Between AD 409 and 711, as the Roman Empire collapsed in Western Europe, the Iberian Peninsula was conquered by Germanic peoples (Migration Period). The occupiers, mainly Suebi and Visigoths, quickly adopted late Roman culture and the Vulgar Latin dialects of the peninsula. After the Moorish invasion of 711, Arabic became the administrative language in the conquered regions, but most of the population continued to speak a form of Romance commonly known as Mozarabic. The influence exerted by Arabic on the Romance dialects spoken in the Christian kingdoms was mainly restricted to affecting their lexicon.
Portuguese evolved from the medieval language, known today by linguists as Galician-Portuguese or Old Portuguese or Old Galician, of the north-western medieval Kingdom of Galicia. It is in Latin administrative documents of the 9th century that written Galician-Portuguese words and phrases are first recorded. This phase is known as Proto-Portuguese, which lasted from the 9th century until the 12th-century independence of the County of Portugal from the Kingdom of Galicia, then a subkingdom of León. In the first part of Galician-Portuguese period (from the 12th to the 14th century), the language was increasingly used for documents and other written forms. For some time, it was the language of preference for lyric poetry in Christian Hispania, much as Occitan was the language of the poetry of the troubadours in France. Portugal became an independent kingdom in 1139, under king Afonso I of Portugal. In 1290, king Denis of Portugal created the first Portuguese university in Lisbon (the Estudos Gerais, later moved to Coimbra) and decreed that Portuguese, then simply called the "common language", be known as the Portuguese language and used officially.
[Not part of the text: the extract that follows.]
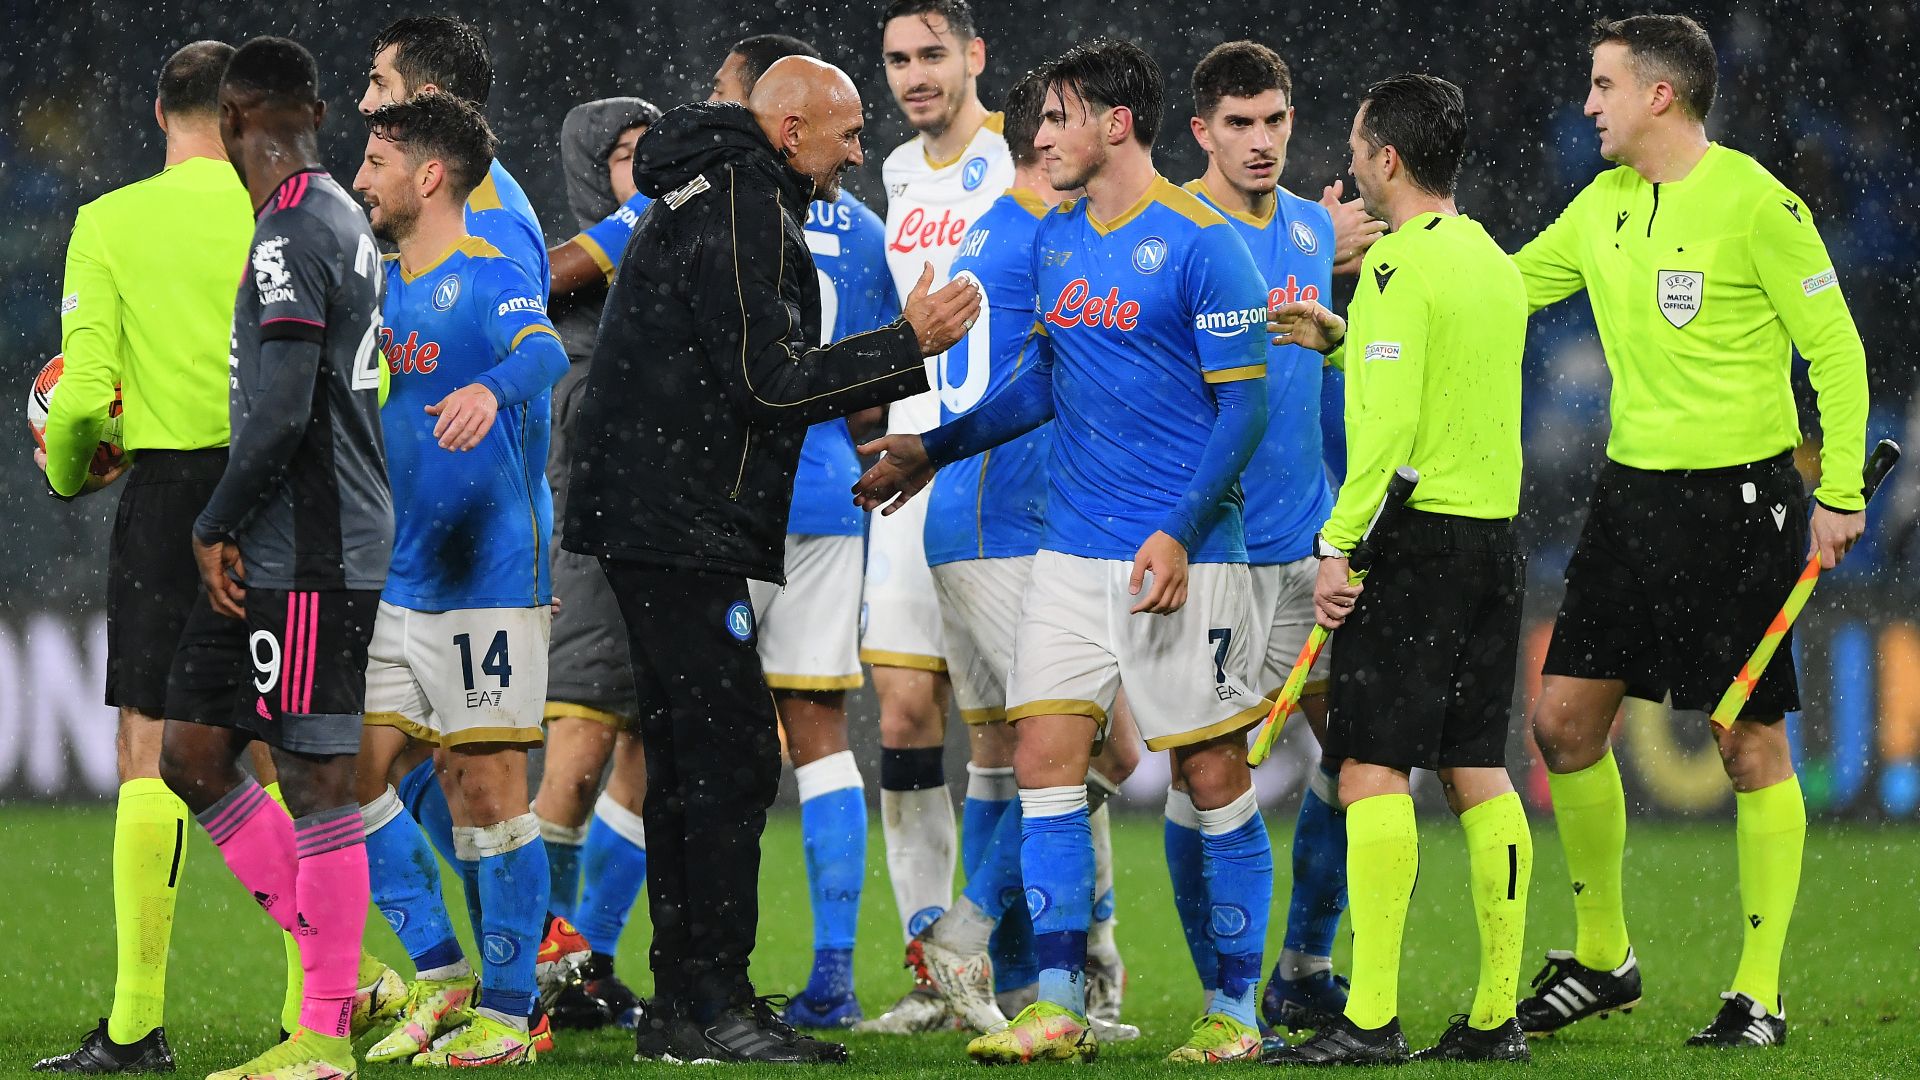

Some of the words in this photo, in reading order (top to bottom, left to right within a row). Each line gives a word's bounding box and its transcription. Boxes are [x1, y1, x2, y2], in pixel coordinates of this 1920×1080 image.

In the second period of Old Portuguese, from the 14th to the 16th centuries, with the Portuguese discoveries, the language was taken to many regions of Asia, Africa and the Americas (nowadays, the great majority of Portuguese speakers live in Brazil, in South America). By the 16th century, it had become a lingua franca in Asia and Africa, used not only for colonial administration and trade but also for communication between local officials and Europeans of all nationalities. Its spread was helped by mixed marriages between Portuguese and local people, and by its association with Roman Catholic missionary efforts, which led to the formation of a creole language called Kristang in many parts of Asia (from the word cristão, "Christian"). The language continued to be popular in parts of Asia until the 19th century. Some Portuguese-speaking Christian communities in India, Sri Lanka, Malaysia, and Indonesia preserved their language even after they were isolated from Portugal.
The end of the Old Portuguese period was marked by the publication of the Cancioneiro Geral by Garcia de Resende, in 1516. The early times of Modern Portuguese, which spans a period from the 16th century to the present day, were characterized by an increase in the number of learned words borrowed from Classical Latin and Classical Greek since the Renaissance, which greatly enriched the lexicon.
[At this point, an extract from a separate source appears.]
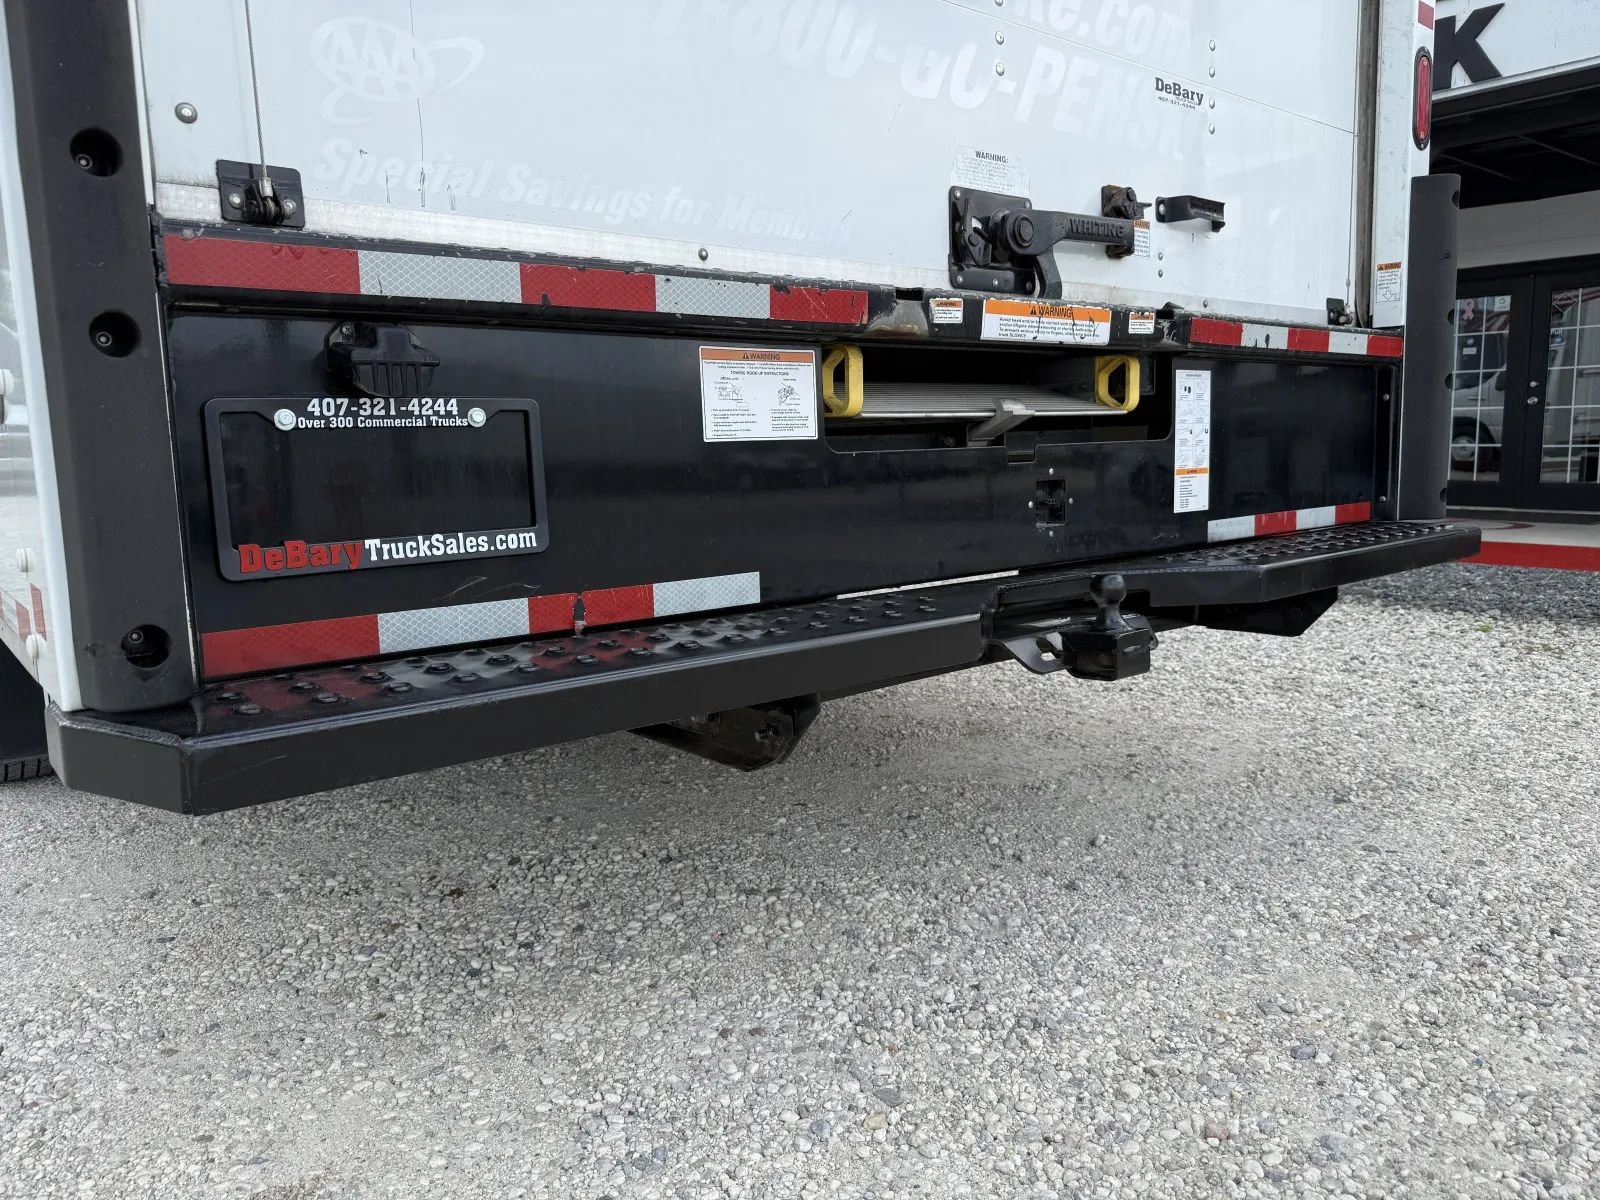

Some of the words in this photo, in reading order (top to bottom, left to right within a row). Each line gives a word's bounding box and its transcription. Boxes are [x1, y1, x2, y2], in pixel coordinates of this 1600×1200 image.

Portuguese is the language of majority of people in Angola (80%),[10] Brazil,[11] Portugal,[12] and São Tomé and Príncipe (95%).[13] Although only 6.5 percent of the population are native speakers of Portuguese in Mozambique, the language is spoken by about 39.6% there according to the 1997 census.[14] It is also spoken by 11.5% of the population in Guinea-Bissau.[15] No data is available for Cape Verde, but almost all the population is bilingual, and the monolingual population speaks Cape Verdean Creole.
There are also significant Portuguese-speaking immigrant communities in many countries including Andorra (15.4%),[16] Australia,[17] Bermuda,[18] Canada (0.72% or 219,275 persons in the 2006 census[19] but between 400,000 and 500,000 according to Nancy Gomes),[20] Curaçao, France,[21] Japan,[22] Jersey,[23] Luxembourg (9%),[12] Namibia,[24] Paraguay (10.7% or 636,000 persons),[25] Macau (0.6% or 12,000 persons),[26] South Africa,[27] Switzerland (196,000 nationals in 2008),[28] Venezuela (1 to 2% or 254,000 to 480,000),[29] and the USA (0.24% of the population or 687,126 speakers according to the 2007 American Community Survey),[30] mainly in Connecticut,[31] Florida,[32] Massachusetts (where it is the second most spoken language in the state),[33] New Jersey,[34] New York[35] and Rhode Island.[36]
In some parts of what was Portuguese India, such as Goa[37] and Daman and Diu,[38] the language is still spoken.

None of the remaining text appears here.